### Task objective
Skip any image you find and restate the rest of the data word for word.

### Data supplied
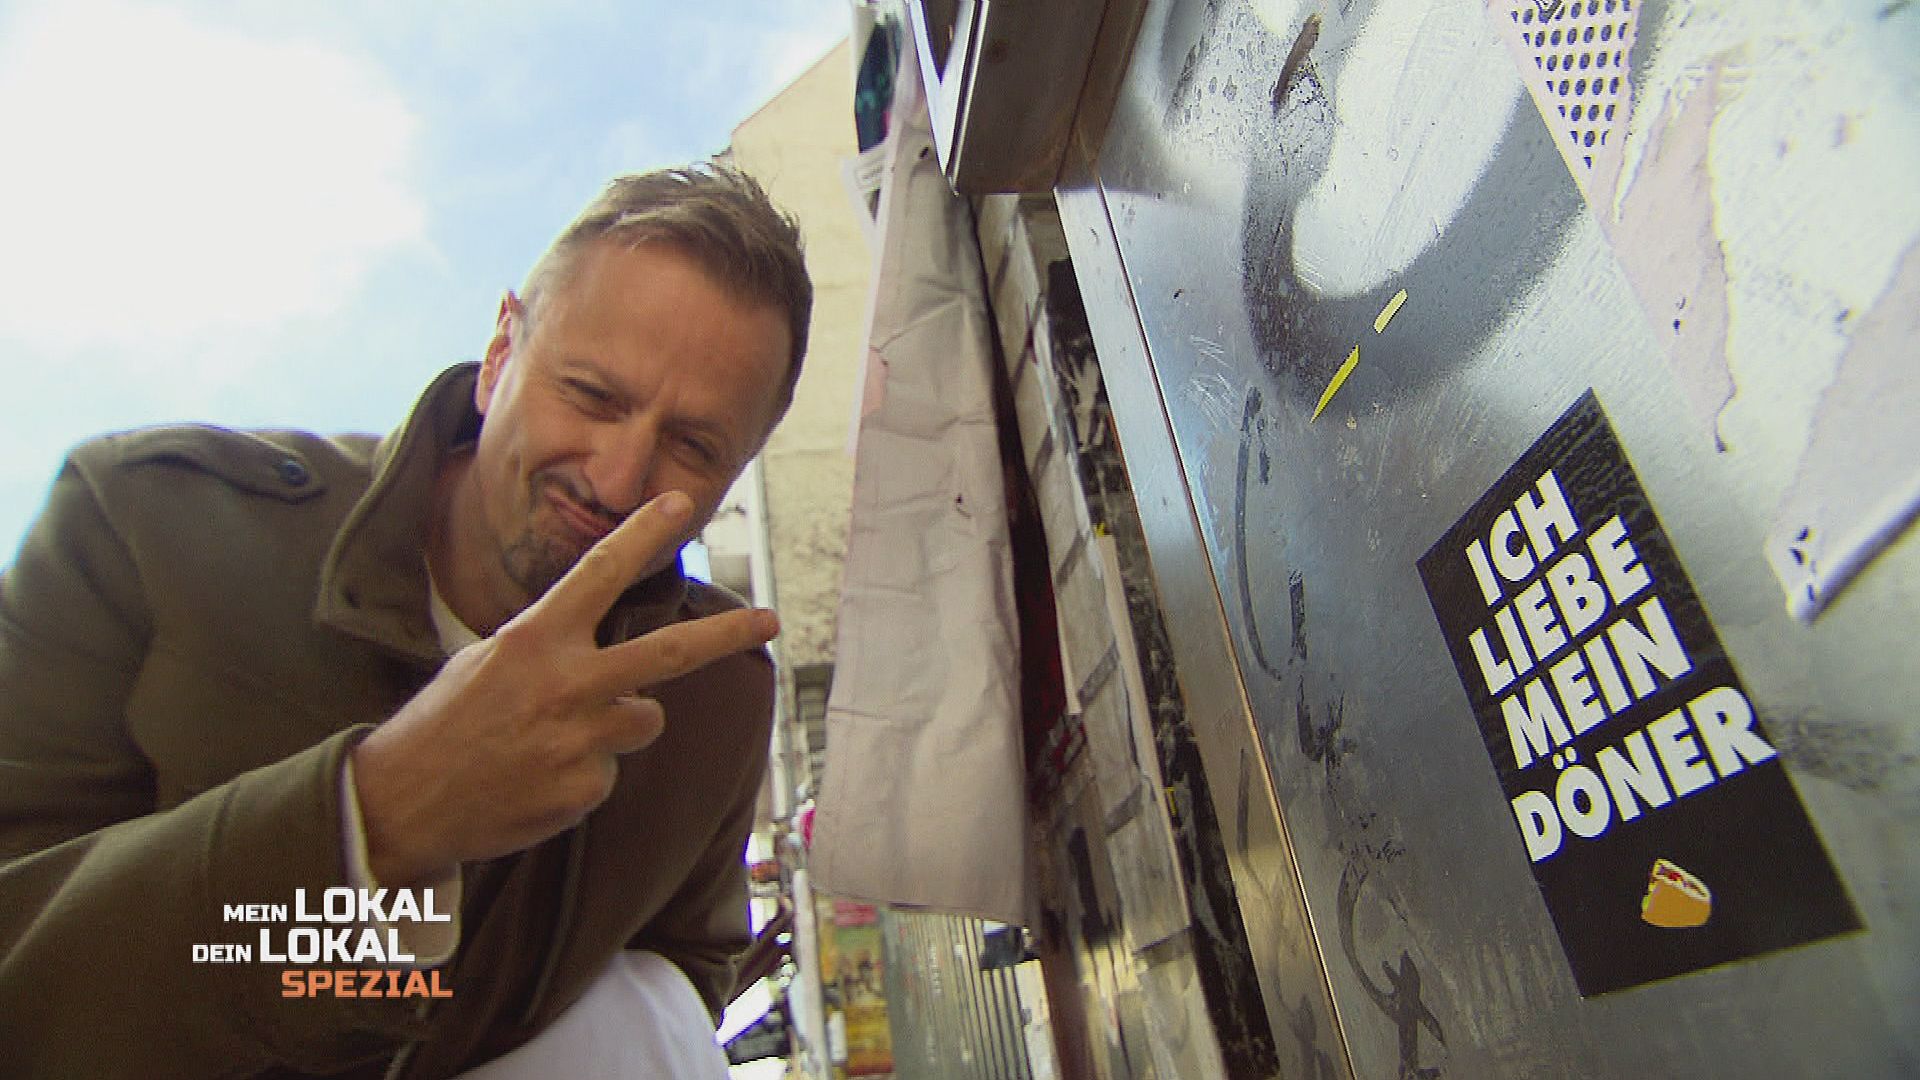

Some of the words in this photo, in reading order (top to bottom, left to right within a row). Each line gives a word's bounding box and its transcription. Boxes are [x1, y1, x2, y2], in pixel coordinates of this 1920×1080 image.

[1466, 469, 1580, 605] ICH
[1469, 515, 1652, 696] LIEBE
[1501, 598, 1693, 770] MEIN
[1512, 686, 1778, 862] DÖNER

### Answer space
Some of the words in this photo, in reading order (top to bottom, left to right within a row). Each line gives a word's bounding box and its transcription. Boxes are [x1, y1, x2, y2], in pixel coordinates of this 1920×1080 image.

[1466, 469, 1580, 605] ICH
[1469, 515, 1652, 696] LIEBE
[1501, 598, 1693, 770] MEIN
[1512, 686, 1778, 862] DÖNER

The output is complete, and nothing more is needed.